Given the need to reduce adverse events because they are associated to increased care costs and to complications in the patient’s health,25 it is necessary for the use of PU preventive measures to be based on scientific evidence that proves the real benefit. In the specific case of the HD, the Consensus of Wound Healing Societies16 speaks of the uncertainty associated to the methodological limitations reported in studies with evidence in favor of hydrocolloid dressings, but - in turn - reflects the need to perform clinical trials to evaluate diverse preventive care strategies.
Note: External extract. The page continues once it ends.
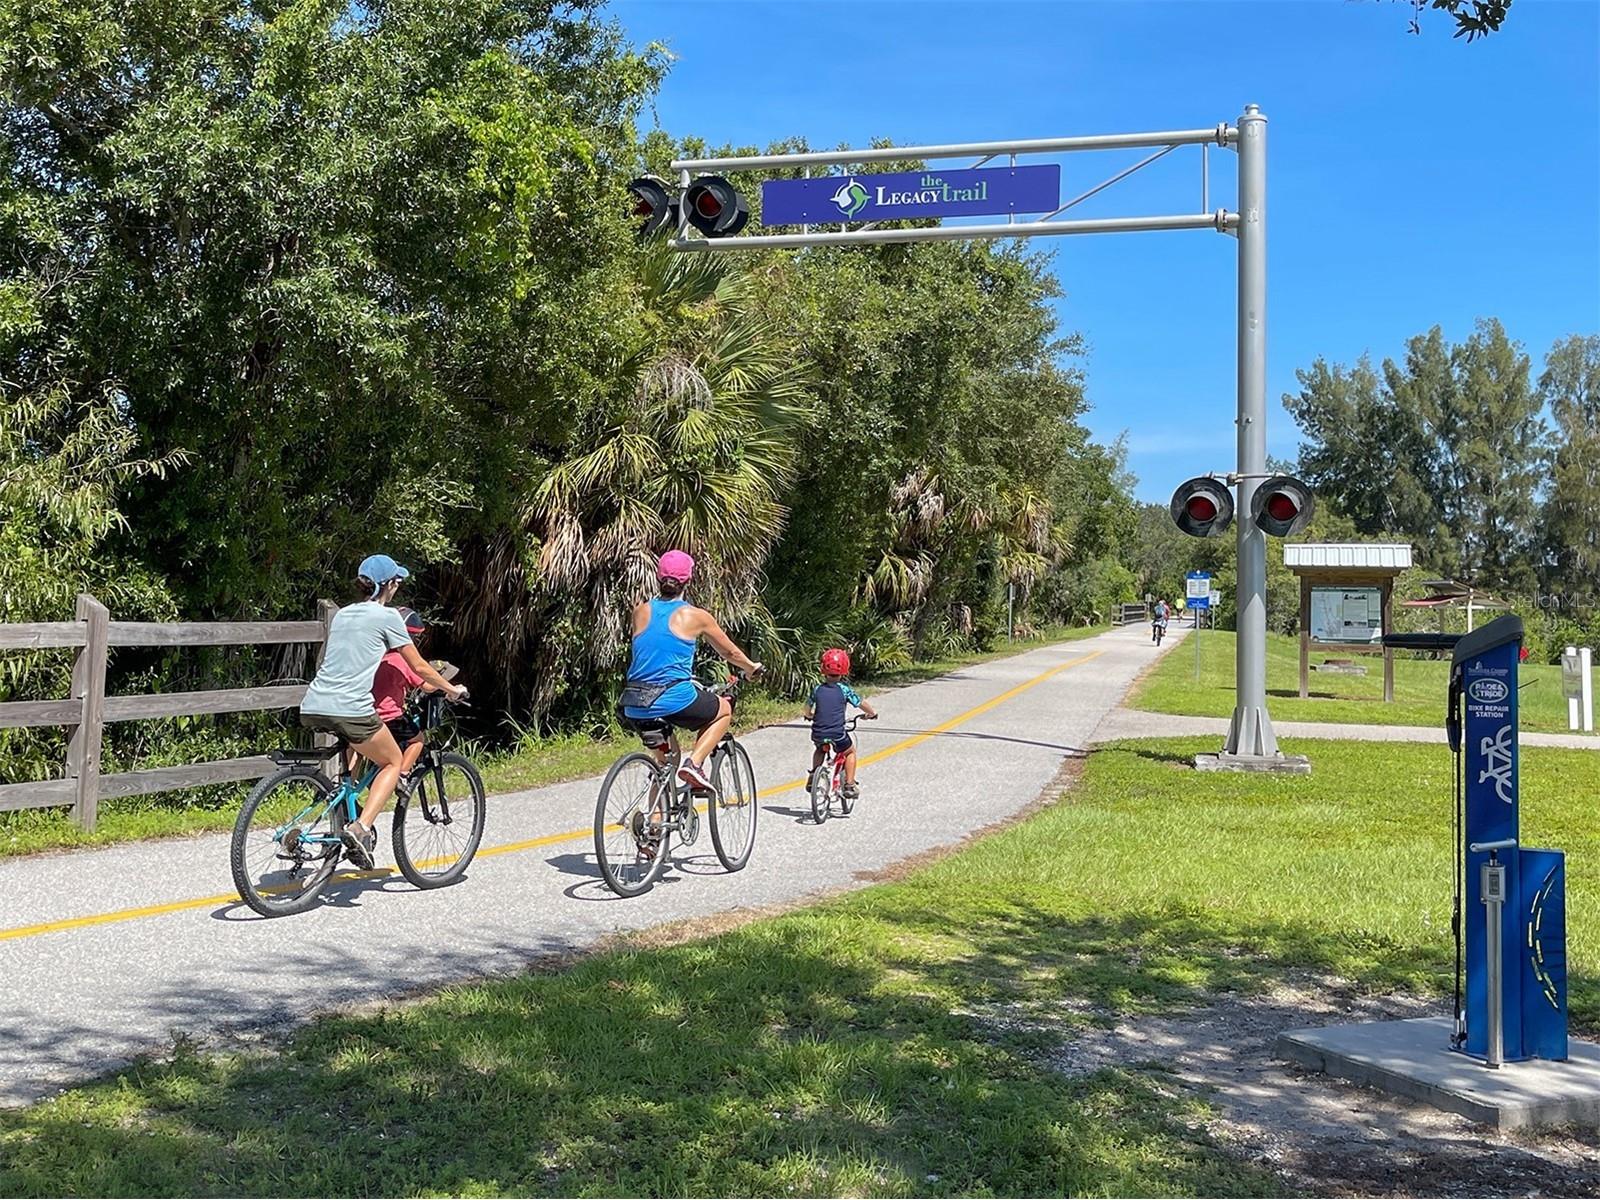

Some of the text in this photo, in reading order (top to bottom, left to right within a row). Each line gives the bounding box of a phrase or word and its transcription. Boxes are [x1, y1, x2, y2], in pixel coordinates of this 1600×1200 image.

[922, 175, 943, 187] the
[876, 181, 988, 206] LEGACY trail
Likewise, this Consensus recommends the continued use of conventional care strategies, like rotating patients per schedule and using support surfaces to reduce pressure on bony protuberances, friction and rubbing, and using moisturizing lotion without rubdowns.12 These recommendations coincide with those provided by the Pressure Ulcer Prevention Guide, implemented in our institution, which describes effective interventions with only using gel dressings in patients during prolonged surgeries, as well as using specific mattresses for each type of risk according to the Braden scale, which are very costly strategies for our country.11 The use of conventional care preventive measures was implemented in our hospital since 2014 and these are combined with the use of hydrocolloid dressings as deemed by the nursing staff, in spite of the uncertainty about their effectiveness.
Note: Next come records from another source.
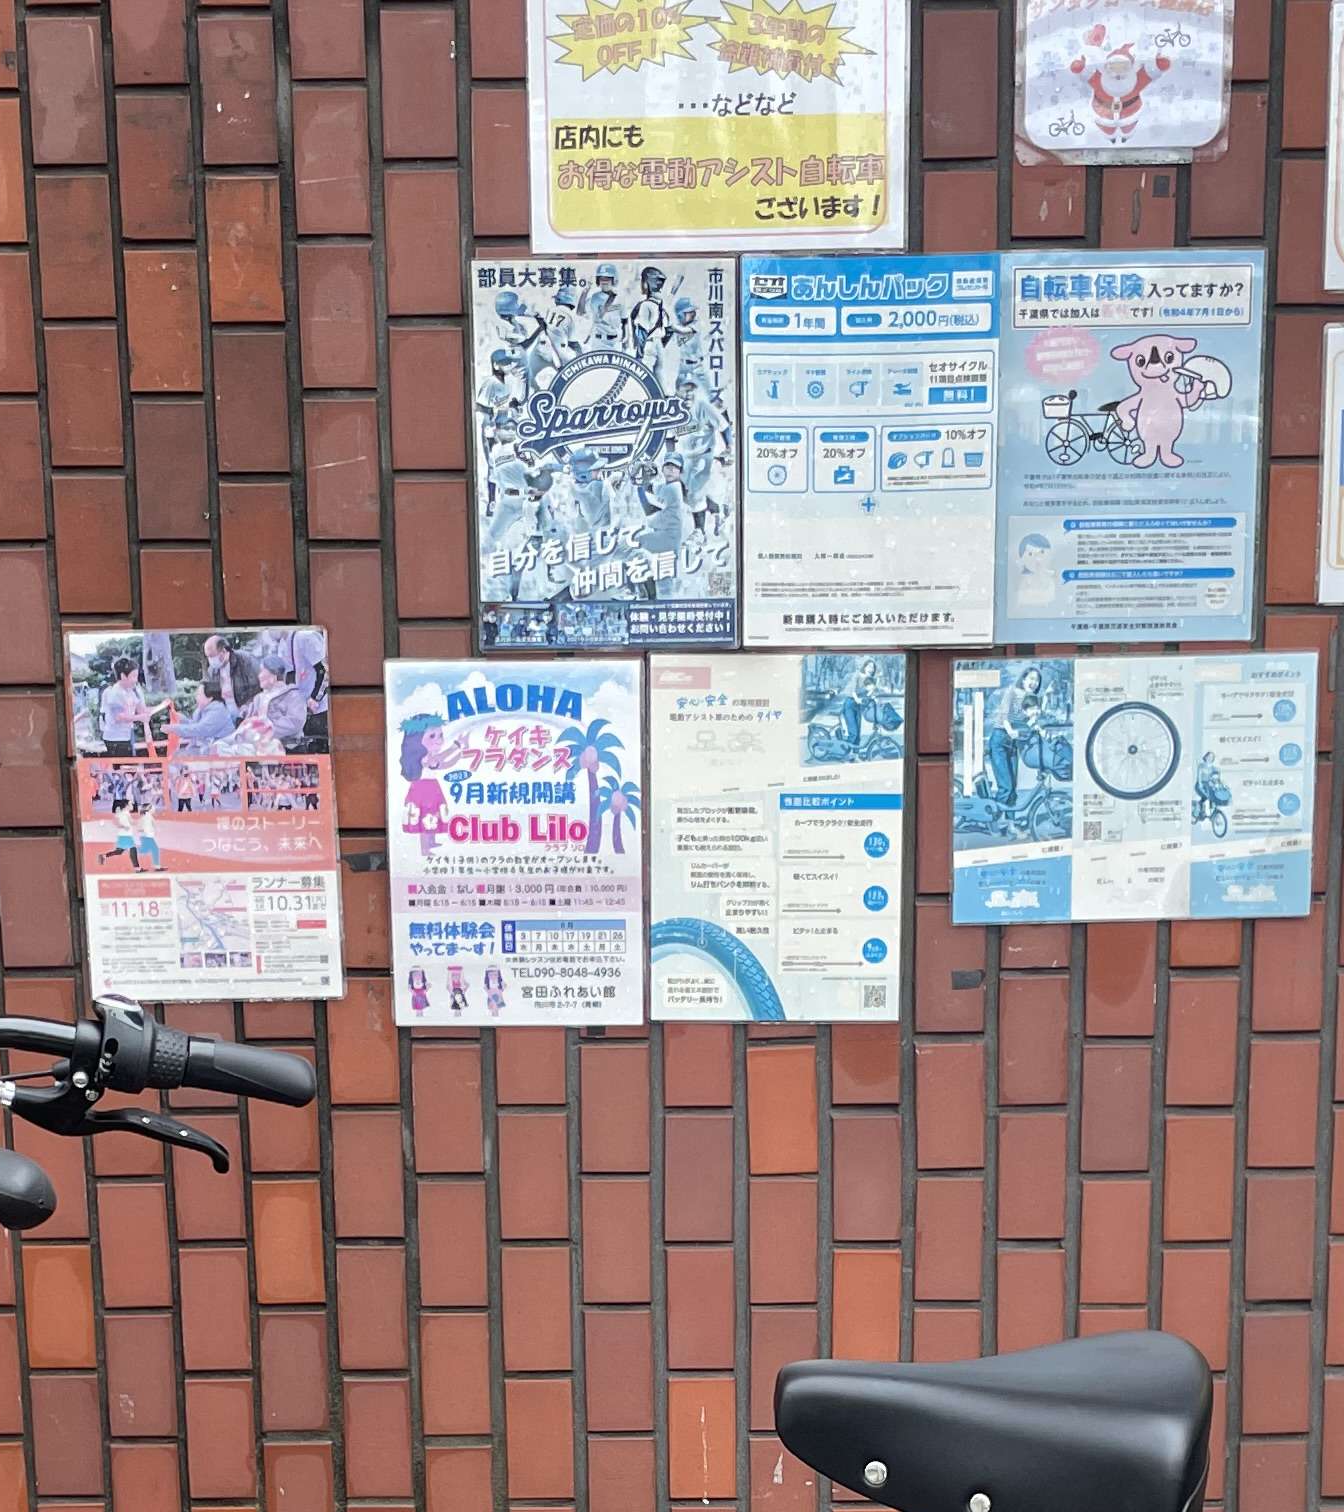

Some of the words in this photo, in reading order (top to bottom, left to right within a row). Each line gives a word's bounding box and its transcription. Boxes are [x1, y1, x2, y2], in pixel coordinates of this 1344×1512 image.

[555, 125, 644, 150] 店内にも
[558, 155, 888, 190] お得な電動アシスト自転車
[755, 195, 881, 221] ございます！
[478, 268, 588, 289] 部員大募集。
[791, 273, 949, 301] あんしんパック
[1020, 274, 1145, 302] 自転車保険
[1147, 283, 1244, 298] 入ってますか?
[794, 313, 825, 329] 1年間
[888, 311, 980, 328] 2,000円(税込)
[707, 268, 724, 403] 市川南スパローズ
[561, 355, 608, 381] ICHIKAWA
[612, 356, 648, 381] MINAMI
[929, 361, 987, 372] セオサイクル
[518, 392, 691, 440] Sparrows
[945, 429, 987, 440] 10%オフ
[757, 448, 798, 458] 20%オフ
[823, 448, 866, 459] 20%オフ
[487, 524, 644, 578] 自分を信じて
[571, 544, 730, 597] 仲間を信じて
[446, 684, 583, 722] ALOHA
[484, 726, 553, 748] ケイキ
[462, 747, 573, 773] フラダンス
[450, 782, 576, 804] 9月新規開講
[448, 815, 520, 843] Club
[528, 814, 588, 843] Lilo
[111, 901, 159, 918] 11.18
[268, 896, 311, 911] 10.31
[409, 922, 495, 940] 無料体験会
[551, 932, 559, 940] 10
[566, 932, 574, 940] 17
[582, 932, 590, 940] 19
[598, 932, 606, 940] 21
[613, 932, 623, 940] 26
[512, 967, 621, 978] TEL090-8048-4936
[521, 986, 616, 999] 宮田ふれあい館
The limitations in this cohort study are given by the use of retrospective information obtained directly from the patient’s clinical record, and although the group of nurses from the PPCP program is expert in skin wounds and lesions, it is not possible to establish the confirmation of the events investigated. Use of HD could have increased the confidence of the nursing staff in this intervention, keeping CC activities from being carried out, like mobilization and application of measure to reduce pressure with pillows. The conclusion in this study is that using HD+CC did not show superiority against CC in preventing PU in adult patients at high risk, according to the Braden scale. Our results show the need to perform well-designed clinical trials and of sufficient population size to evaluate the impact of using hydrocolloid dressings compared to conventional care in PU prevention.